Erysipelas is a superficial infection of the upper dermis; the affected area is raised, with a clear line of demarcation between infected and noninfected tissue. It classically involves the facial skin in a butterfly pattern, but also commonly affects a lower limb.
Cellulitis is an infection extending further into the dermis than erysipelas and involves subcutaneous tissue. It can complicate wounds (eg cuts, abrasions), insect bites, chickenpox (varicella), shingles (herpes zoster) and scabies. Cellulitis in children is often periorbital (preseptal); see Assessment of periorbital (preseptal) and orbital (postseptal) cellulitis.
Accurate diagnosis can be difficult; if uncertain, consider early consultation by a dermatologist or infectious diseases physicianJain, 2017Li, 2018. Conditions that can be misdiagnosed as cellulitis include:
- acute contact dermatitis
- arthroplasty device infection
- septic bursitis
- gout
- acute lipodermatosclerosis (commonly occurring in people with obesity and people with venous insufficiency). For more information see The Australasian College of Dermatologists website.
Bilateral lower limb erysipelas and cellulitis are rare; always consider alternative diagnoses.
Evaluate patients with cellulitis for a drainable source of infection (such as an abscess). If a drainable source is identified, collect a sample for culture and susceptibility testing. It can be difficult to determine if there is an underlying abscess if significant overlying induration is present; soft tissue ultrasonography can aid diagnosis and should be considered, if available.

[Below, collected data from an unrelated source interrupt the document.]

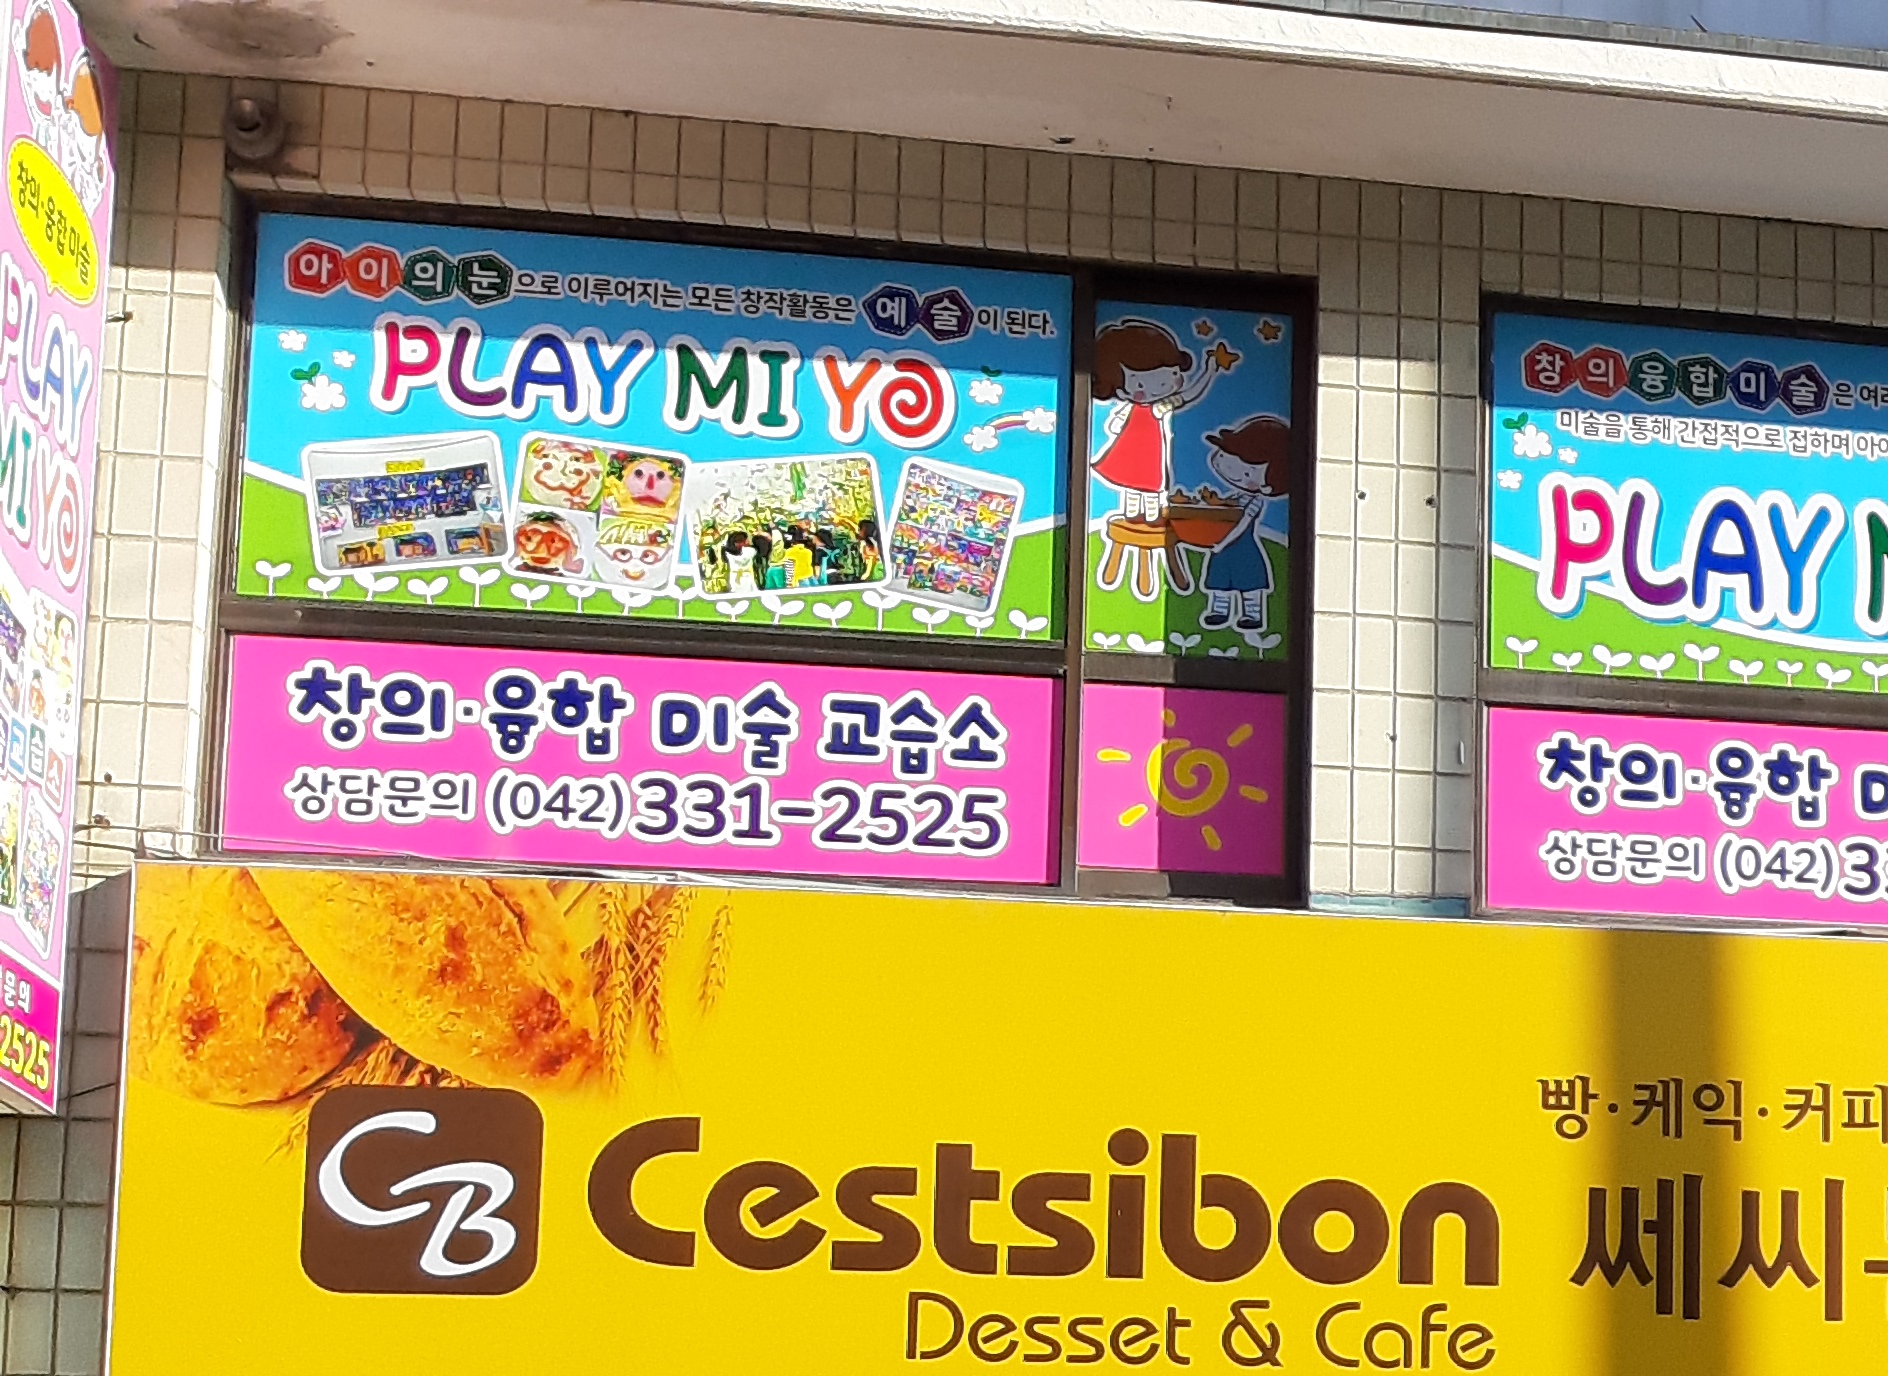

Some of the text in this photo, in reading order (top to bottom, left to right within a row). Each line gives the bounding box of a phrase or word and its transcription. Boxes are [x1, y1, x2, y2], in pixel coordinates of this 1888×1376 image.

[299, 252, 443, 290] 아이의
[468, 264, 562, 298] 눈으로
[568, 276, 682, 308] 이루어지는
[689, 285, 734, 311] 모든
[741, 290, 856, 323] 창작활동은
[1004, 310, 1055, 336] 된다.
[382, 321, 945, 438] PLAY MI YO
[1560, 410, 1624, 436] 미술을
[1631, 417, 1671, 440] 통해
[1678, 421, 1783, 448] 간접적으로
[1789, 431, 1849, 456] 접하며
[1551, 484, 1831, 614] PLAY
[295, 666, 1000, 774] 창의·융합 미술 교습소
[291, 773, 469, 817] 상담문의
[1544, 738, 1832, 821] 창의·융합
[1545, 835, 1699, 877] 상담문의
[0, 965, 30, 1014] 문의
[317, 1110, 516, 1278] CB
[587, 1117, 1501, 1287] Cestsibon
[904, 1292, 1497, 1371] Desset & Cafe
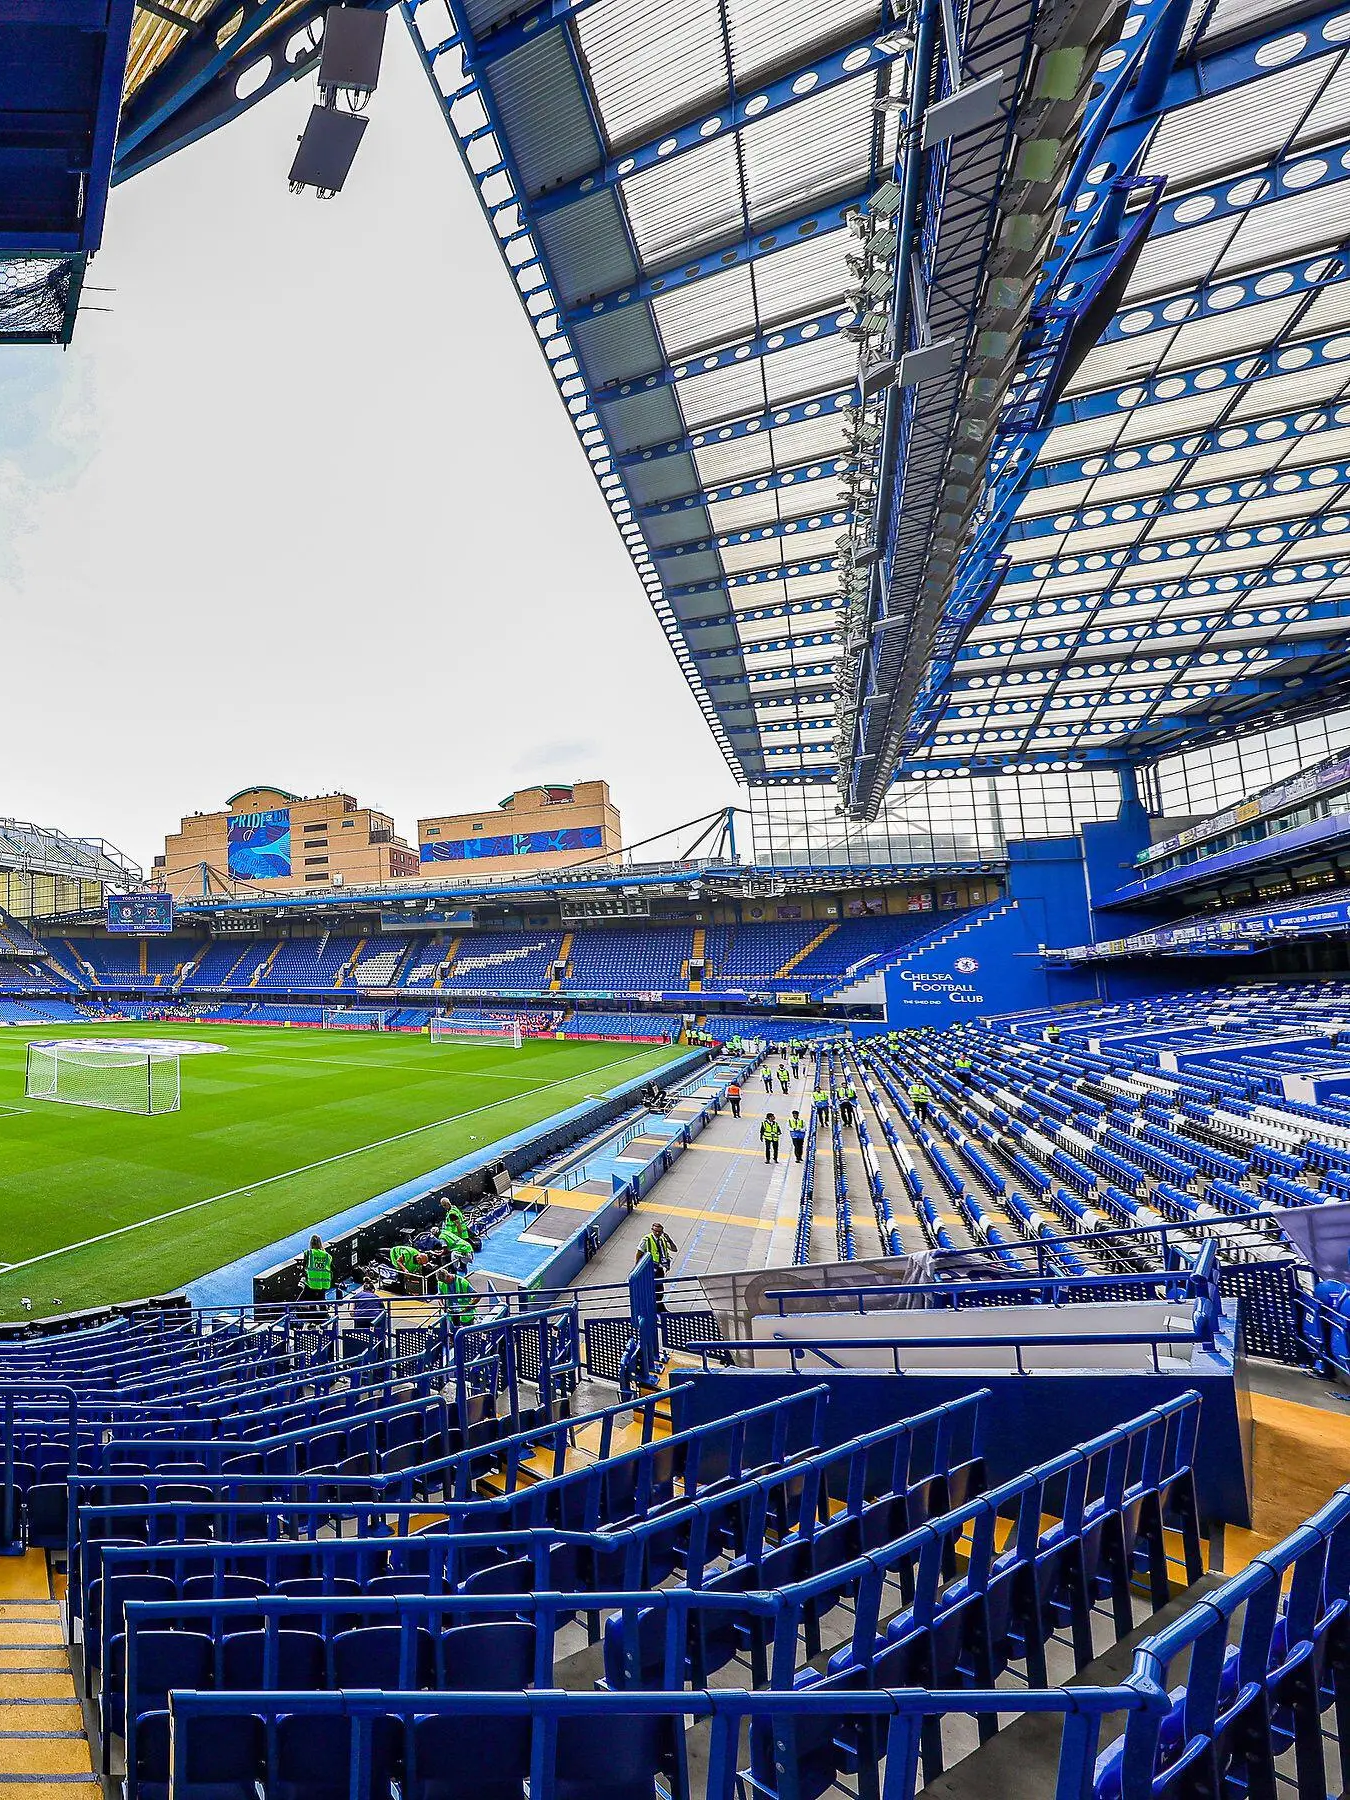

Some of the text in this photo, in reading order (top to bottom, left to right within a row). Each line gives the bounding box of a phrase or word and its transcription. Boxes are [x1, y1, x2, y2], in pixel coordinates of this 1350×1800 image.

[231, 813, 266, 830] PRIDE
[900, 970, 953, 981] CHELSEA
[912, 981, 976, 992] FOOTBALL
[409, 988, 432, 996] BORN
[464, 989, 488, 997] KING
[948, 992, 984, 1003] CLUB
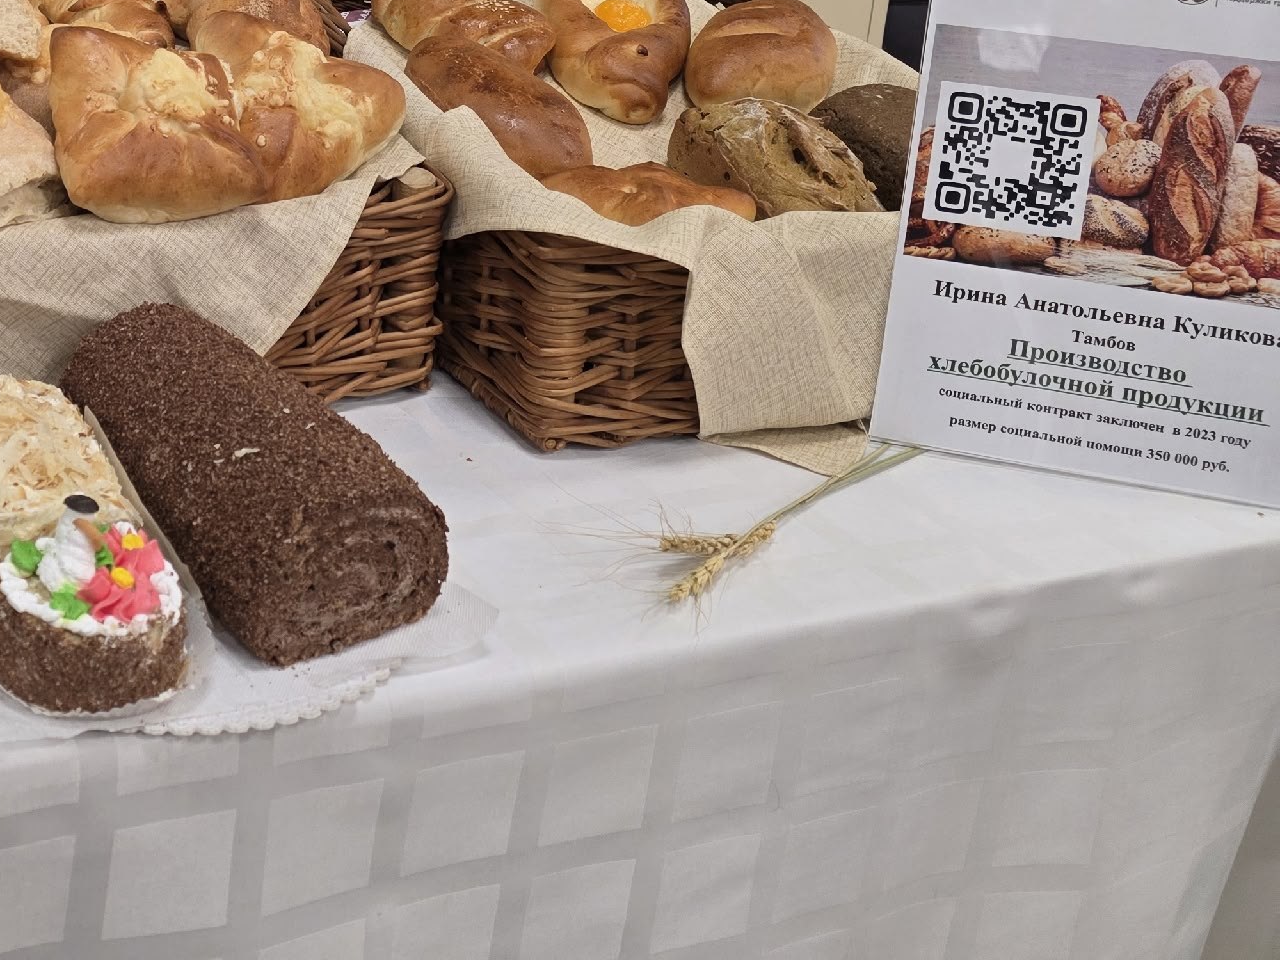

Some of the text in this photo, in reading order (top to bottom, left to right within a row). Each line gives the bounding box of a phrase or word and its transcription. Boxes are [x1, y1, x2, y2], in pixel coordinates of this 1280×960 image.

[932, 279, 1007, 306] Ирина
[1014, 292, 1165, 330] Анатольевна
[1008, 338, 1189, 384] Производство
[1071, 329, 1136, 351] Тамбов
[927, 354, 1265, 423] хлебобулочной продукции
[938, 387, 1252, 449] социальный контракт заключен в 2023 году
[949, 414, 1231, 473] размер социальной помощи 350 000 руб.

Consider the location and size of the affected area; closer monitoring and a lower threshold for referral and escalation of therapy are required for patients with(NICE), 2019:
- involvement of deep structures, such as muscle, bones, joints or fascia, because surgical intervention may be required
- cellulitis of the hand
- cellulitis of the neck
- cellulitis of the face, particularly if located near the eyes or the nose (eg within the triangle from the corners of the mouth to the bridge of the nose) because there is a risk of intracranial extension
- a large affected area.
In patients with cellulitis associated with systemic features, assess for necrotising fasciitis or myonecrosis, streptococcal toxic shock syndrome and staphylococcal toxic shock syndrome.